Pues me ha sobrao media hora

Cruzar la calle, en Argel, es una de las experiencias más escalofriantes que se pueden tener, especialmente al principio: luego le encontré su morbo
Como no hay semáforos (y los que hay no se respetan) y todos los coches parecen intentar escapar de Argel y van a toda castaña, cruzar una calle tiene su método. Primero, tienes que caminar de manera decidida y rapida pero sin correr: no te vas a parar bajo ningún concepto. Segundo, te quitas las gafas de sol y miras a los ojos de los conductores que se acercan a toda leche hacia ti y (este punto es fundamental) pones cara de mala leche, o, como yo decía, "cara colonial". Entonces se paran

Luego las compras. En Argel puedes encontrar: la tienda oficial y las imitaciones. Y entre estas, hay como 3 clases de producto: la muy buena imitación, la regular y la penosa.
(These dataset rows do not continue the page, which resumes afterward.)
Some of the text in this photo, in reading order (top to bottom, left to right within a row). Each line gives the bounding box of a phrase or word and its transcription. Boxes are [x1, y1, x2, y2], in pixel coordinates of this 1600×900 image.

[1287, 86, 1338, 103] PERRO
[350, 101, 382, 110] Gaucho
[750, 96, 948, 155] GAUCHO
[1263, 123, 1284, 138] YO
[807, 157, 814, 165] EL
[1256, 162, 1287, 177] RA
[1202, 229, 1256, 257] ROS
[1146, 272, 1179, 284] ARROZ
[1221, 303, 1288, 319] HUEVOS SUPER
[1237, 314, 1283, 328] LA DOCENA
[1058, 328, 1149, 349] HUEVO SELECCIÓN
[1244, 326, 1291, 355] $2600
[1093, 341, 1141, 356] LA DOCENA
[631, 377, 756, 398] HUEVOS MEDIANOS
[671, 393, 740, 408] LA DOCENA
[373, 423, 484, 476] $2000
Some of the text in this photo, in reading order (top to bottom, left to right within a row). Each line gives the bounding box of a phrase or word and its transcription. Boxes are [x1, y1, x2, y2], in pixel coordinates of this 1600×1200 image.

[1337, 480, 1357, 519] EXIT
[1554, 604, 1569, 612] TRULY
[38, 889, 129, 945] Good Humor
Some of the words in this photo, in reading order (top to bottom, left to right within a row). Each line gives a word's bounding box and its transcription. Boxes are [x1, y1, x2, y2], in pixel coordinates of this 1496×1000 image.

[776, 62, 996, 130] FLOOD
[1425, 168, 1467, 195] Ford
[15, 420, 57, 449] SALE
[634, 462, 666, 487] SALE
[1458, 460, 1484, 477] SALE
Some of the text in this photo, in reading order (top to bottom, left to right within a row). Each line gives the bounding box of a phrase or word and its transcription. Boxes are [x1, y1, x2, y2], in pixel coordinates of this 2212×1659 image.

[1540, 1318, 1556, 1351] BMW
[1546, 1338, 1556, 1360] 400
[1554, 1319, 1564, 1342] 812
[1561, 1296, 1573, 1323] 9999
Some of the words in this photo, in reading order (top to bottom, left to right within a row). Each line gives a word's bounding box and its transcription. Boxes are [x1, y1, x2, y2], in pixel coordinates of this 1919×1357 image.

La tienda oficial es tan cara o más que aquí (unos Levi's en tienda oficial costaban unos 80€), pero en el mercadillo los encontré, con pequeñas taras, por 10€. De igual manera: puedes comprar una excelente imitación de un bolso de Louis Vuiton por 20€, y una muy mala por 5€.
La moneda oficial es la dinar y el cambio ronda el 1 a 10 (para ser exactos, el 1 a 11). El cambio es un 10-15% más favorable en puestos clandestinos (mercadillos) que en los bancos. Todo es papel y apenas circula moneda, y en cuanto llevas encima 4 duros tienes que ir a lo Jesus Gil, con los billetes ligados con una goma de esas de pollo: una sensación desconocida

El alcohol es escaso y caro. Los muy buenos restaurantes y hoteles sirven vino (argelino, claro, y el rosado tiene de rosado el nombre) y cerveza. En los hoteles puedes, además, hasta pedir algún whisky, pero el Cardhu argelino no es el Cardhu hispano, así que un Jb con cola y a correr. No es que se eche de menos, pero un copazo alguna noche, apetece.